Areas in North America predicted to have high Bd suitability (deep red) and western US watersheds containing only R. catesbeiana occurrence records (in black). Overlapping areas are predicted to have the highest risk of Bd emergence and outbreaks.

https://doi.org/10.1371/journal.pone.0188384.g002

Discussion

Chytridiomycosis has severely impacted amphibian biodiversity globally for decades, with Bd infecting hundreds of amphibian species worldwide [14]. Although our knowledge of Bd is incomplete, our understanding of this complex host-pathogen system continues to grow through a variety of ongoing studies of its biology and disease dynamics. By investigating the historical emergence of Bd and R. catesbeiana in the western US, we uncover evidence of a historical relationship between the invasion of Bd and the introduction of R. catesbeiana. We show that R. catesbeiana occurred prior to Bd emergence in most of the shared watersheds, which supports Huss et al. [34] and suggests that the introduction of R. catesbeiana may have played a significant role in spreading Bd to naïve amphibian populations in the western US.

The Bd suitability model is generally similar to those from previous studies [6,12,52,68,69]. Our model indicates that there is Bd suitability in R. catesbeiana’s native range in the eastern US (Fig 1A); however, this likely reflects the high environmental and host suitability for Bd in a region of endemism rather than the threat of disease from Bd to naïve amphibian populations, given that no Bd-related declines have been documented in the eastern US despite Bd’s presence [1822]. In addition, 94% of R. catesbeiana occurrence data and 96% of western watersheds where R. catesbeiana has been recorded were within general Bd suitability areas (Fig 2). This further highlights that Bd and R. catesbeiana have high niche overlap [35]. While these results are correlational, they support a growing number of studies that link Bd emergence with the presence of introduced R. catesbeiana [3,68,34,7074] and are consistent with the hypothesis that Bd-GPL (or its preceding strain) may have co-evolved with R. catesbeiana in the eastern US.

If we consider the historical link between the emergence of Bd and R. catesbeiana in the western US, we can identify the areas where native species are at greatest risk of disease. Thus, species that occur in watersheds where only R. catesbeiana has been documented that overlap with areas predicted to have high Bd suitability (Fig 2) could have increased risk of Bd emergence. The presence of a reservoir host like R. catesbeiana (or others [75]) could lead to local population declines due to disease, even well beyond the initial emergence of Bd [60]. High risk areas include many watersheds in the Cascade Range in the Pacific Northwest, the California coastal ranges, and the Sierra Nevada Mountains, all areas where native amphibians have declined [15,7678].

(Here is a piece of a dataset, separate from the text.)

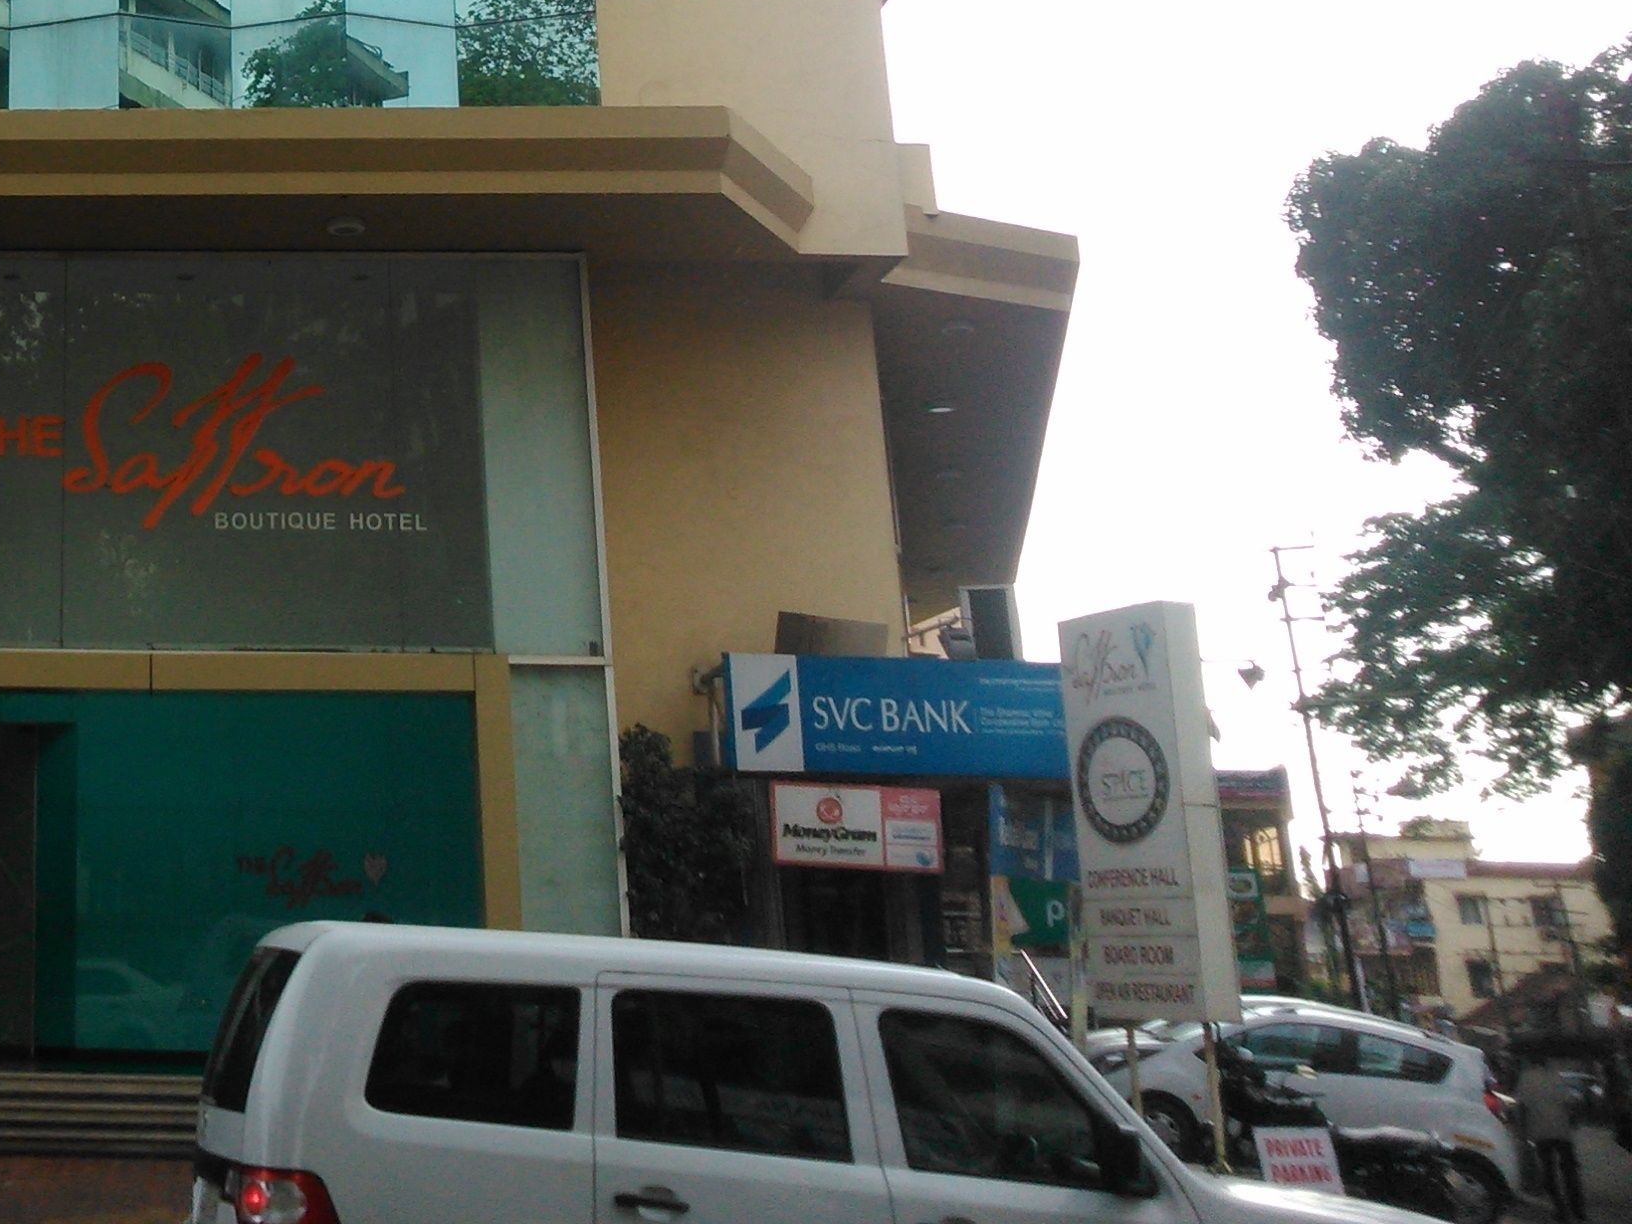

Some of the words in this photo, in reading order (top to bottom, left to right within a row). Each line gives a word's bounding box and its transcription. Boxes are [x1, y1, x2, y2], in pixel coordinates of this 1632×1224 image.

Improving our understanding of the distribution and spread of Bd enhances our knowledge of Bd’s history and provides vital information for amphibian conservation and management strategies. Areas identified as having the highest risk of disease should be prioritized for both historical surveys using archived specimens in natural history collections [27] and present-day field surveys to investigate our hypothesis that the introduction of R. catesbeiana facilitates Bd spread. In addition, proactive management efforts could minimize disease spread in these areas [79].

It is important to consider that Bd is not the only disease threat to amphibian diversity. Batrachochytrium salamandrivorans (Bsal), a second, more recently discovered chytrid pathogen that has not yet been found in North America [19,20], poses another serious threat to North American amphibians [80,81]. The continuous spread of Bd threatens remaining uninfected populations, and the introduction of Bsal could compound the likelihood of more amphibian epizootics.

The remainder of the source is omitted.